● Task item: Could you transcribe every record below exactly, leaving out any pictures?

Source records:
---

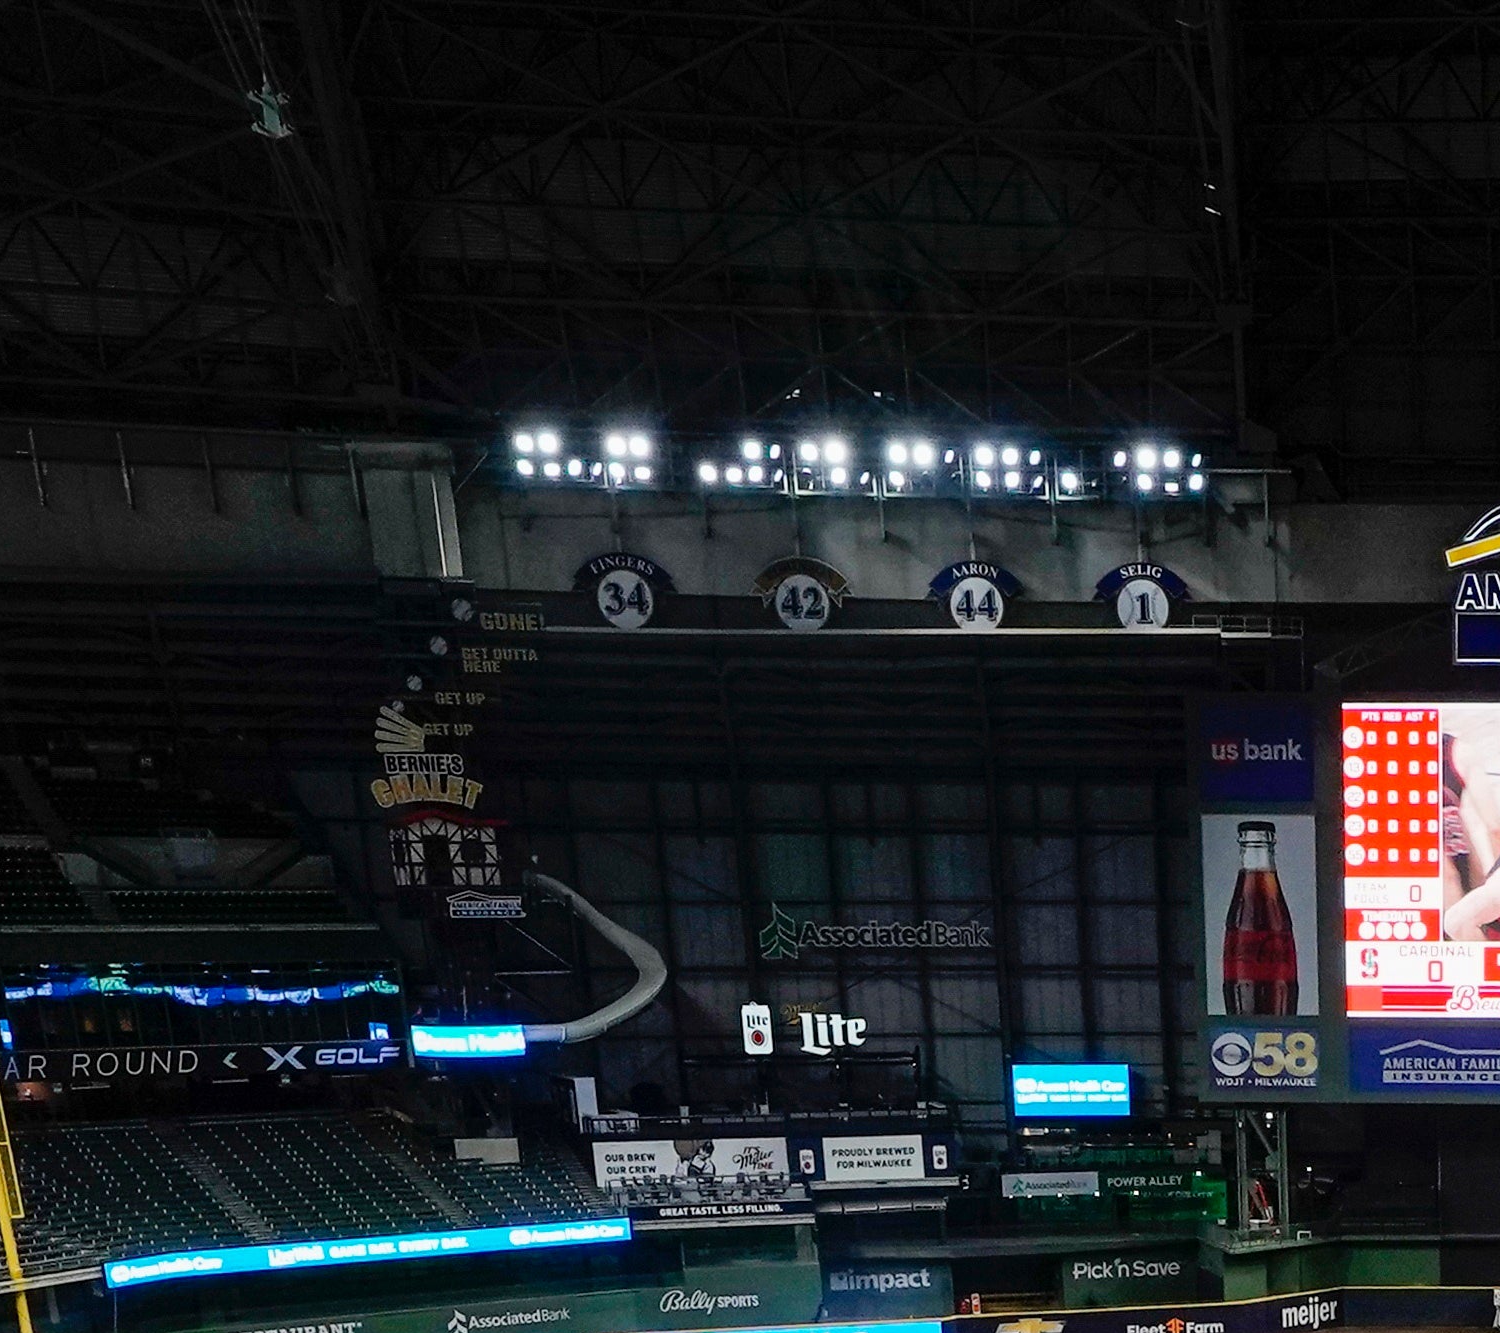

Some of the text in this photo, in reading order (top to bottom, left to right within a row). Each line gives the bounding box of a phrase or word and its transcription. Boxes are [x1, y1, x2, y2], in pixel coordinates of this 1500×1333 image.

[590, 552, 654, 576] FINGERS
[951, 564, 999, 581] AARON
[1120, 563, 1162, 580] SELIG
[603, 583, 647, 616] 34
[782, 586, 826, 619] 42
[956, 587, 998, 620] 44
[1135, 589, 1152, 622] 1
[479, 612, 545, 632] GONE!
[461, 648, 538, 662] GET OUTTA
[463, 660, 501, 674] HERE
[435, 692, 486, 706] GET UP
[423, 722, 473, 737] GET UP
[1211, 738, 1303, 761] us bank
[382, 752, 465, 775] BERNIE'S
[370, 774, 484, 811] CHALET
[1355, 882, 1421, 902] TEAM 0
[1399, 944, 1474, 957] CARDINAL
[1428, 960, 1443, 982] 0
[746, 1014, 769, 1029] Lite
[798, 1011, 868, 1057] Lite
[71, 1050, 200, 1078] ROUND
[261, 1045, 402, 1072] X GOLF
[1251, 1032, 1319, 1078] 58
[1383, 1056, 1457, 1071] AMERICAN
[1215, 1076, 1318, 1087] WDJT MILWAUKEE
[1392, 1071, 1500, 1082] INSURANCE
[605, 1153, 656, 1163] OUR BREW
[832, 1146, 915, 1158] PROUDLY BREWED
[606, 1165, 657, 1175] OUR CREW
[836, 1158, 912, 1169] FOR MILWAUKEE
[1107, 1174, 1183, 1188] POWER ALLEY
[659, 1204, 783, 1217] GREAT TASTE. LESS FILLING.
[849, 1267, 931, 1293] impact
[659, 1289, 759, 1315] Bally SPORTS
[1282, 1296, 1338, 1329] meijer

---

● Task output:
Some of the text in this photo, in reading order (top to bottom, left to right within a row). Each line gives the bounding box of a phrase or word and its transcription. Boxes are [x1, y1, x2, y2], in pixel coordinates of this 1500×1333 image.

[590, 552, 654, 576] FINGERS
[951, 564, 999, 581] AARON
[1120, 563, 1162, 580] SELIG
[603, 583, 647, 616] 34
[782, 586, 826, 619] 42
[956, 587, 998, 620] 44
[1135, 589, 1152, 622] 1
[479, 612, 545, 632] GONE!
[461, 648, 538, 662] GET OUTTA
[463, 660, 501, 674] HERE
[435, 692, 486, 706] GET UP
[423, 722, 473, 737] GET UP
[1211, 738, 1303, 761] us bank
[382, 752, 465, 775] BERNIE'S
[370, 774, 484, 811] CHALET
[1355, 882, 1421, 902] TEAM 0
[1399, 944, 1474, 957] CARDINAL
[1428, 960, 1443, 982] 0
[746, 1014, 769, 1029] Lite
[798, 1011, 868, 1057] Lite
[71, 1050, 200, 1078] ROUND
[261, 1045, 402, 1072] X GOLF
[1251, 1032, 1319, 1078] 58
[1383, 1056, 1457, 1071] AMERICAN
[1215, 1076, 1318, 1087] WDJT MILWAUKEE
[1392, 1071, 1500, 1082] INSURANCE
[605, 1153, 656, 1163] OUR BREW
[832, 1146, 915, 1158] PROUDLY BREWED
[606, 1165, 657, 1175] OUR CREW
[836, 1158, 912, 1169] FOR MILWAUKEE
[1107, 1174, 1183, 1188] POWER ALLEY
[659, 1204, 783, 1217] GREAT TASTE. LESS FILLING.
[849, 1267, 931, 1293] impact
[659, 1289, 759, 1315] Bally SPORTS
[1282, 1296, 1338, 1329] meijer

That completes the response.